Prompt:
Return the listing below character for character.

=== Section Start ===

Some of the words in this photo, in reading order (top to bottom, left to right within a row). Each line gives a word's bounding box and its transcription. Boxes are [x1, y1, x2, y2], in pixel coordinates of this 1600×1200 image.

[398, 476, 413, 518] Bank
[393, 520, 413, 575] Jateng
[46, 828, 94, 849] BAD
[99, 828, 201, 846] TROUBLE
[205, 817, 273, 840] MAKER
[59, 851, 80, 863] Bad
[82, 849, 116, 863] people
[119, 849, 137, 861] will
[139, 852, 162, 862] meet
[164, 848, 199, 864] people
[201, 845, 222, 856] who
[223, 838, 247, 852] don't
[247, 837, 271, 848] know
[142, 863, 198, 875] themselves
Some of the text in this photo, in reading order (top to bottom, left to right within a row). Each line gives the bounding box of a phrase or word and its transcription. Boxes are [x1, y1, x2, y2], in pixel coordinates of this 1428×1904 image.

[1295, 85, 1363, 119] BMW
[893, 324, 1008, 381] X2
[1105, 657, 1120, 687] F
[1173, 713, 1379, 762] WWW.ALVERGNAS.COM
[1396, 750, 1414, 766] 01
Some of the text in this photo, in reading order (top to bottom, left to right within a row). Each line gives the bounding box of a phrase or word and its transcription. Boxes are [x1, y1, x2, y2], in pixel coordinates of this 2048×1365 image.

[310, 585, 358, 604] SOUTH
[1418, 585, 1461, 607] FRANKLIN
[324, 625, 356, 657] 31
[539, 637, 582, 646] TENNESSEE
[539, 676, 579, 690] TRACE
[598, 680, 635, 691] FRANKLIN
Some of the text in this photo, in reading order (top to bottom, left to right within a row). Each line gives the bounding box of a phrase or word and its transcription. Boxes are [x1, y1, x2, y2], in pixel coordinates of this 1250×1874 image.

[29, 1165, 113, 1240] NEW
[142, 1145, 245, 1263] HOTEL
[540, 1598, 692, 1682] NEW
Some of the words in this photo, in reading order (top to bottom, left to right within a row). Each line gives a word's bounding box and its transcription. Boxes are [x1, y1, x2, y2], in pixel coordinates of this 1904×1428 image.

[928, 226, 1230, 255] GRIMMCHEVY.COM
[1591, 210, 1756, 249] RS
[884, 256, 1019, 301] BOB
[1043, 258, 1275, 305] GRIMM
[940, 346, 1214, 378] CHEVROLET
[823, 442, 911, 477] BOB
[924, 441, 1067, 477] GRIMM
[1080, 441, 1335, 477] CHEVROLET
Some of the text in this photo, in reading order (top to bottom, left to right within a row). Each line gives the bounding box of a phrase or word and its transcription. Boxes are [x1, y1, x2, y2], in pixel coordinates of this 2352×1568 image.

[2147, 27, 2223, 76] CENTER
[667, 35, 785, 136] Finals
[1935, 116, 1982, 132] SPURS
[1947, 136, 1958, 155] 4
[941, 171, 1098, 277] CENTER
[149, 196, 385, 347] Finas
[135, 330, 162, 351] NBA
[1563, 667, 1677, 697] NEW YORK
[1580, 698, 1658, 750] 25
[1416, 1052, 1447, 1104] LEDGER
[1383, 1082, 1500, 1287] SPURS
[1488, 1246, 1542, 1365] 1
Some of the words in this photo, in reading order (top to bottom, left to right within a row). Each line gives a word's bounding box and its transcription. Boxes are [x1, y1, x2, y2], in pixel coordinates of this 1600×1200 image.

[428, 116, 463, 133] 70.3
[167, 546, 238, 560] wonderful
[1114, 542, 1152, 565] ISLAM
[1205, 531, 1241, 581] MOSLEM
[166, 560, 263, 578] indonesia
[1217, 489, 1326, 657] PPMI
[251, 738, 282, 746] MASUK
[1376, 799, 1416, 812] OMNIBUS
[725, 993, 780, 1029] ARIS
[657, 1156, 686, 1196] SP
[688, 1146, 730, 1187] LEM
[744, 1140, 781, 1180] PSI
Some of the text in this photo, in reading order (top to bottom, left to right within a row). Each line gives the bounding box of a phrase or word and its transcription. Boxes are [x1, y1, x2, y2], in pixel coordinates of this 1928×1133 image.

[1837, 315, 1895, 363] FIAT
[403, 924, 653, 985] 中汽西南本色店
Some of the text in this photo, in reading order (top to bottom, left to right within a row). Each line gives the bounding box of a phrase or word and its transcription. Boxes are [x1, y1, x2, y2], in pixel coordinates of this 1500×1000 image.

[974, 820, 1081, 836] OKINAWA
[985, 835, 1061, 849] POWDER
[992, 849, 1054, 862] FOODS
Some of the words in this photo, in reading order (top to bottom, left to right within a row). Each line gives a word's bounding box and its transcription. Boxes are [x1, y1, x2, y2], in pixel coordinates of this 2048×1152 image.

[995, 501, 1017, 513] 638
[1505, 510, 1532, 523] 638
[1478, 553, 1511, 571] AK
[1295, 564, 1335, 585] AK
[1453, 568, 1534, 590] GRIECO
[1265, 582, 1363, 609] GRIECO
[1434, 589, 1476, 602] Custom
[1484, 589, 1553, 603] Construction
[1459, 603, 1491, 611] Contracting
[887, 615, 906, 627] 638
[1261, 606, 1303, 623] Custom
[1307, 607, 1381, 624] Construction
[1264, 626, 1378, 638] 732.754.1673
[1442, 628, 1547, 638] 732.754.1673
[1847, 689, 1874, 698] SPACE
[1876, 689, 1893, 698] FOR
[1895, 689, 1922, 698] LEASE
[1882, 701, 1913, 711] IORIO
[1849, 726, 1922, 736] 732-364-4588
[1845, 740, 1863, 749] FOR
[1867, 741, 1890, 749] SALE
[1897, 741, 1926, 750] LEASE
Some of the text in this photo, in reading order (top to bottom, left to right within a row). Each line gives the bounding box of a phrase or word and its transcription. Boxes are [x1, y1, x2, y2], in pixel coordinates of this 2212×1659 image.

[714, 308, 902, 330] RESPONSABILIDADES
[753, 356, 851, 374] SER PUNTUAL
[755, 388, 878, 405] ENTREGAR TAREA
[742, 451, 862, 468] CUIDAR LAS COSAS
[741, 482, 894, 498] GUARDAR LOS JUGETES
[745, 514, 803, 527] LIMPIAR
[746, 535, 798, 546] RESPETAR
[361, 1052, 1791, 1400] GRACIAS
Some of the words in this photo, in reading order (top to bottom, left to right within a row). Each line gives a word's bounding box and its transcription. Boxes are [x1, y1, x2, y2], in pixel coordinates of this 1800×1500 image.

=== Section End ===

Problem solution:
Some of the words in this photo, in reading order (top to bottom, left to right within a row). Each line gives a word's bounding box and its transcription. Boxes are [x1, y1, x2, y2], in pixel coordinates of this 1600×1200 image.

[398, 476, 413, 518] Bank
[393, 520, 413, 575] Jateng
[46, 828, 94, 849] BAD
[99, 828, 201, 846] TROUBLE
[205, 817, 273, 840] MAKER
[59, 851, 80, 863] Bad
[82, 849, 116, 863] people
[119, 849, 137, 861] will
[139, 852, 162, 862] meet
[164, 848, 199, 864] people
[201, 845, 222, 856] who
[223, 838, 247, 852] don't
[247, 837, 271, 848] know
[142, 863, 198, 875] themselves
Some of the text in this photo, in reading order (top to bottom, left to right within a row). Each line gives the bounding box of a phrase or word and its transcription. Boxes are [x1, y1, x2, y2], in pixel coordinates of this 1428×1904 image.

[1295, 85, 1363, 119] BMW
[893, 324, 1008, 381] X2
[1105, 657, 1120, 687] F
[1173, 713, 1379, 762] WWW.ALVERGNAS.COM
[1396, 750, 1414, 766] 01
Some of the text in this photo, in reading order (top to bottom, left to right within a row). Each line gives the bounding box of a phrase or word and its transcription. Boxes are [x1, y1, x2, y2], in pixel coordinates of this 2048×1365 image.

[310, 585, 358, 604] SOUTH
[1418, 585, 1461, 607] FRANKLIN
[324, 625, 356, 657] 31
[539, 637, 582, 646] TENNESSEE
[539, 676, 579, 690] TRACE
[598, 680, 635, 691] FRANKLIN
Some of the text in this photo, in reading order (top to bottom, left to right within a row). Each line gives the bounding box of a phrase or word and its transcription. Boxes are [x1, y1, x2, y2], in pixel coordinates of this 1250×1874 image.

[29, 1165, 113, 1240] NEW
[142, 1145, 245, 1263] HOTEL
[540, 1598, 692, 1682] NEW
Some of the words in this photo, in reading order (top to bottom, left to right within a row). Each line gives a word's bounding box and its transcription. Boxes are [x1, y1, x2, y2], in pixel coordinates of this 1904×1428 image.

[928, 226, 1230, 255] GRIMMCHEVY.COM
[1591, 210, 1756, 249] RS
[884, 256, 1019, 301] BOB
[1043, 258, 1275, 305] GRIMM
[940, 346, 1214, 378] CHEVROLET
[823, 442, 911, 477] BOB
[924, 441, 1067, 477] GRIMM
[1080, 441, 1335, 477] CHEVROLET
Some of the text in this photo, in reading order (top to bottom, left to right within a row). Each line gives the bounding box of a phrase or word and its transcription. Boxes are [x1, y1, x2, y2], in pixel coordinates of this 2352×1568 image.

[2147, 27, 2223, 76] CENTER
[667, 35, 785, 136] Finals
[1935, 116, 1982, 132] SPURS
[1947, 136, 1958, 155] 4
[941, 171, 1098, 277] CENTER
[149, 196, 385, 347] Finas
[135, 330, 162, 351] NBA
[1563, 667, 1677, 697] NEW YORK
[1580, 698, 1658, 750] 25
[1416, 1052, 1447, 1104] LEDGER
[1383, 1082, 1500, 1287] SPURS
[1488, 1246, 1542, 1365] 1
Some of the words in this photo, in reading order (top to bottom, left to right within a row). Each line gives a word's bounding box and its transcription. Boxes are [x1, y1, x2, y2], in pixel coordinates of this 1600×1200 image.

[428, 116, 463, 133] 70.3
[167, 546, 238, 560] wonderful
[1114, 542, 1152, 565] ISLAM
[1205, 531, 1241, 581] MOSLEM
[166, 560, 263, 578] indonesia
[1217, 489, 1326, 657] PPMI
[251, 738, 282, 746] MASUK
[1376, 799, 1416, 812] OMNIBUS
[725, 993, 780, 1029] ARIS
[657, 1156, 686, 1196] SP
[688, 1146, 730, 1187] LEM
[744, 1140, 781, 1180] PSI
Some of the text in this photo, in reading order (top to bottom, left to right within a row). Each line gives the bounding box of a phrase or word and its transcription. Boxes are [x1, y1, x2, y2], in pixel coordinates of this 1928×1133 image.

[1837, 315, 1895, 363] FIAT
[403, 924, 653, 985] 中汽西南本色店
Some of the text in this photo, in reading order (top to bottom, left to right within a row). Each line gives the bounding box of a phrase or word and its transcription. Boxes are [x1, y1, x2, y2], in pixel coordinates of this 1500×1000 image.

[974, 820, 1081, 836] OKINAWA
[985, 835, 1061, 849] POWDER
[992, 849, 1054, 862] FOODS
Some of the words in this photo, in reading order (top to bottom, left to right within a row). Each line gives a word's bounding box and its transcription. Boxes are [x1, y1, x2, y2], in pixel coordinates of this 2048×1152 image.

[995, 501, 1017, 513] 638
[1505, 510, 1532, 523] 638
[1478, 553, 1511, 571] AK
[1295, 564, 1335, 585] AK
[1453, 568, 1534, 590] GRIECO
[1265, 582, 1363, 609] GRIECO
[1434, 589, 1476, 602] Custom
[1484, 589, 1553, 603] Construction
[1459, 603, 1491, 611] Contracting
[887, 615, 906, 627] 638
[1261, 606, 1303, 623] Custom
[1307, 607, 1381, 624] Construction
[1264, 626, 1378, 638] 732.754.1673
[1442, 628, 1547, 638] 732.754.1673
[1847, 689, 1874, 698] SPACE
[1876, 689, 1893, 698] FOR
[1895, 689, 1922, 698] LEASE
[1882, 701, 1913, 711] IORIO
[1849, 726, 1922, 736] 732-364-4588
[1845, 740, 1863, 749] FOR
[1867, 741, 1890, 749] SALE
[1897, 741, 1926, 750] LEASE
Some of the text in this photo, in reading order (top to bottom, left to right within a row). Each line gives the bounding box of a phrase or word and its transcription. Boxes are [x1, y1, x2, y2], in pixel coordinates of this 2212×1659 image.

[714, 308, 902, 330] RESPONSABILIDADES
[753, 356, 851, 374] SER PUNTUAL
[755, 388, 878, 405] ENTREGAR TAREA
[742, 451, 862, 468] CUIDAR LAS COSAS
[741, 482, 894, 498] GUARDAR LOS JUGETES
[745, 514, 803, 527] LIMPIAR
[746, 535, 798, 546] RESPETAR
[361, 1052, 1791, 1400] GRACIAS
Some of the words in this photo, in reading order (top to bottom, left to right within a row). Each line gives a word's bounding box and its transcription. Boxes are [x1, y1, x2, y2], in pixel coordinates of this 1800×1500 image.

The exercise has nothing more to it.